激素受体阳性/人表皮生长因子受体2阴性晚期乳腺癌一线治疗的研究进展

王天琢*,迪吉

青海大学附属医院肿瘤内科三病区,青海 西宁

收稿日期:2023年12月10日;录用日期:2024年1月5日;发布日期:2024年1月11日

摘要

激素受体阳性(HR+)/人类表皮生长因子受体2阴性(HER2−)乳腺癌是最常见的乳腺癌亚型。大约30%的肿瘤在手术后复发和转移,并且约5%~10%的患者在初次诊断时即被诊断为晚期乳腺癌,对于这类乳腺癌,目前可以选择的治疗方案有许多,包括芳香化酶抑制剂(aromatase inhibitors, AI)、选择性雌激素受体下调剂(fulvestrant)细胞周期蛋白依赖性激酶4/6 (cyclin-dependent kinase 4/6, CDK4/6)抑制剂、磷脂酰肌醇-3-激酶(phosphatidylinositiol-3-kinases, PI3K)、丝氨酸/苏氨酸蛋白激酶(proteinserine-threonine kinase, AKT)抑制剂、雷帕霉素靶蛋白(mammalian target of rapamycin, mTOR)抑制剂、组蛋白脱乙酰酶(histone deacetylase, HDAC)抑制剂等。本文以内脏危象为分层就HR+/HER2−型乳腺癌一线治疗方面的研究进行综述,以期为乳腺癌患者的精准治疗提供理论基础。

关键词

乳腺癌,晚期一线治疗,内分泌治疗,靶向治疗

Research Progress in First-Line Treatment for Hormone Receptor-Positive/Human Epidermal Growth Factor Receptor 2-Negative Advanced Breast Cancer

Tianzhuo Wang*, Ji Di

Ward Three, Department of Oncology, The Affiliated Hospital of Qinghai University, Xining Qinghai

Received: Dec. 10th, 2023; accepted: Jan. 5th, 2024; published: Jan. 11th, 2024

ABSTRACT

Hormone receptor-positive (HR+), human epidermal growth factor receptor 2-negative (HER2−) breast cancer is the most common subtype of breast cancer. Approximately 30% of tumors experience recurrence and metastasis after surgery, and about 5%~10% of patients are diagnosed with advanced breast cancer at the initial diagnosis. For this type of breast cancer, there are various treatment options available, including aromatase inhibitors (AI), selective estrogen receptor degraders (fulvestrant), cyclin-dependent kinase 4/6 (CDK4/6) inhibitors, phosphatidylinositiol-3-kinases (PI3K), proteinserine-threonine kinase (AKT) inhibitors, mammalian target of rapamycin (mTOR) inhibitors, histone deacetylase (HDAC) inhibitors, and others. This article reviews research on first-line treatment for HR+/HER2− breast cancer, stratified by visceral crisis, aiming to provide a theoretical basis for precision treatment of breast cancer patients.

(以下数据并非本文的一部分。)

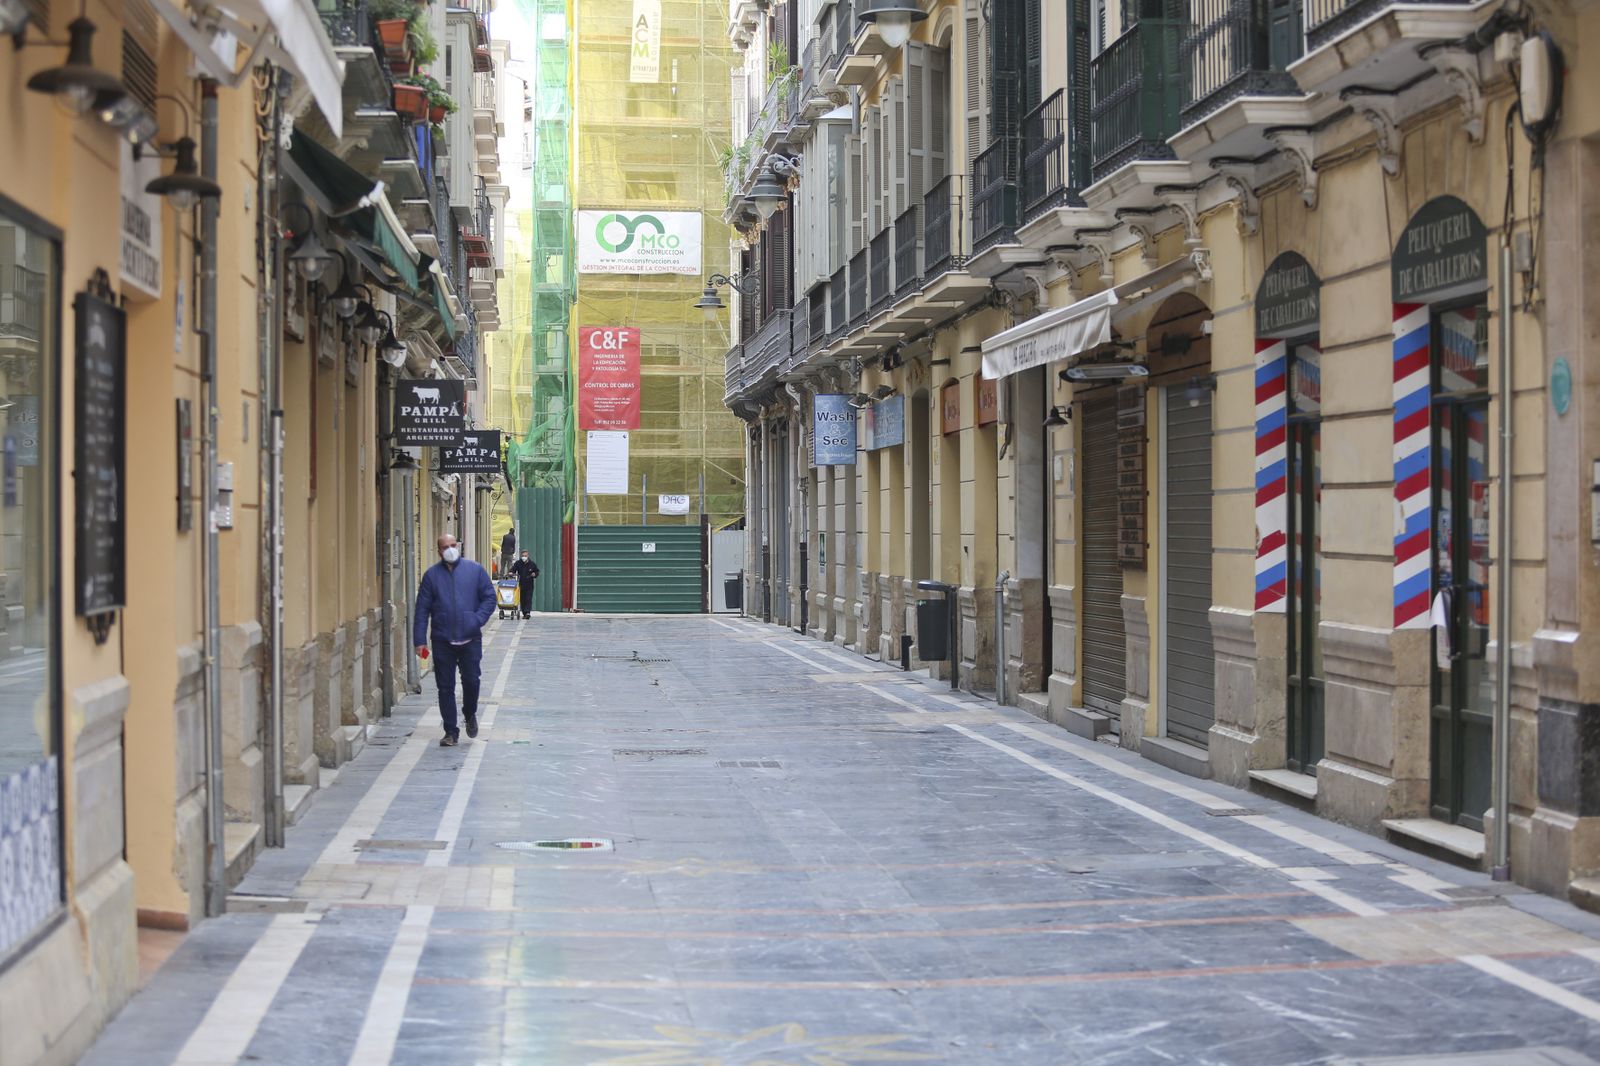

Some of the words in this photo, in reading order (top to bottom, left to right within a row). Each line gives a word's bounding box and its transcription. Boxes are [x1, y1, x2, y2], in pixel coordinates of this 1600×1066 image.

[1408, 212, 1471, 254] PELUQUERIA
[641, 234, 680, 249] MCO
[1399, 268, 1413, 295] DE
[1413, 248, 1481, 292] CABALLEROS
[1260, 308, 1270, 331] DE
[1270, 292, 1316, 328] CABALLEROS
[589, 331, 630, 349] C&F
[401, 406, 460, 416] PAMPA
[816, 411, 854, 422] Wash
[823, 435, 848, 446] Sec
[444, 448, 498, 458] PAMPA

Keywords:Breast Cancer, Advanced First-Line Treatment, Endocrine Therapy, Targeted Therapy

Copyright © 2024 by author(s) and Hans Publishers Inc.

This work is licensed under the Creative Commons Attribution International License (CC BY 4.0).

http://creativecommons.org/licenses/by/4.0/

1. 引言

乳腺癌在全球女性中的发病率在2020年超过了肺癌排名第一 [1] 。其中最常见的亚型之一是激素受体阳性(HR+)/人类表皮生长因子受体2阴性(HER2−)乳腺癌,占所有病例的70% [2] [3] 。这种类型患者临床上常表现为淋巴结阴性的早期疾病,内分泌治疗为其基础辅助治疗,但大约30%的肿瘤在手术后复发和转移,并且约5%~10%的患者在初次诊断时即被诊断为晚期乳腺癌 [4] 。对于晚期或转移性HR+/HER2−乳腺癌,目前可以选择的治疗方案有许多,美国国家综合癌症网络(NCCN)和中国临床肿瘤学会(CSCO)推荐的药物有:芳香化酶抑制剂(aromatase inhibitors, AI)、选择性雌激素受体下调剂(fulvestrant)细胞周期蛋白依赖性激酶4/6 (cyclin-dependent kinase 4/6, CDK4/6)抑制剂、磷脂酰肌醇-3-激酶(phosphatidylinositiol-3-kinases, PI3K)、丝氨酸/苏氨酸蛋白激酶(proteinserine-threonine kinase, AKT)抑制剂、雷帕霉素靶蛋白(mammalian target of rapamycin, mTOR)抑制剂、组蛋白脱乙酰酶(histone deacetylase, HDAC)抑制剂等,这些药物单独或联合使用可有效延长晚期或转移性HR+/HER2−乳腺癌患者的生存期 [2] [5] 。除此之外,随着抗体药物偶联物(antibody-drug conjugates, ADC)的发展,这类药物也逐渐应用于HR+/HER2低表达乳腺癌 [6] 。对于晚期或转移性HR+/HER2−乳腺癌,内脏危象的存在与否,决定了治疗方向的选择,因此本文以内脏危象为分层就HR+/HER2−型乳腺癌一线治疗方面的研究进行综述,以期为乳腺癌患者的精准治疗提供理论基础。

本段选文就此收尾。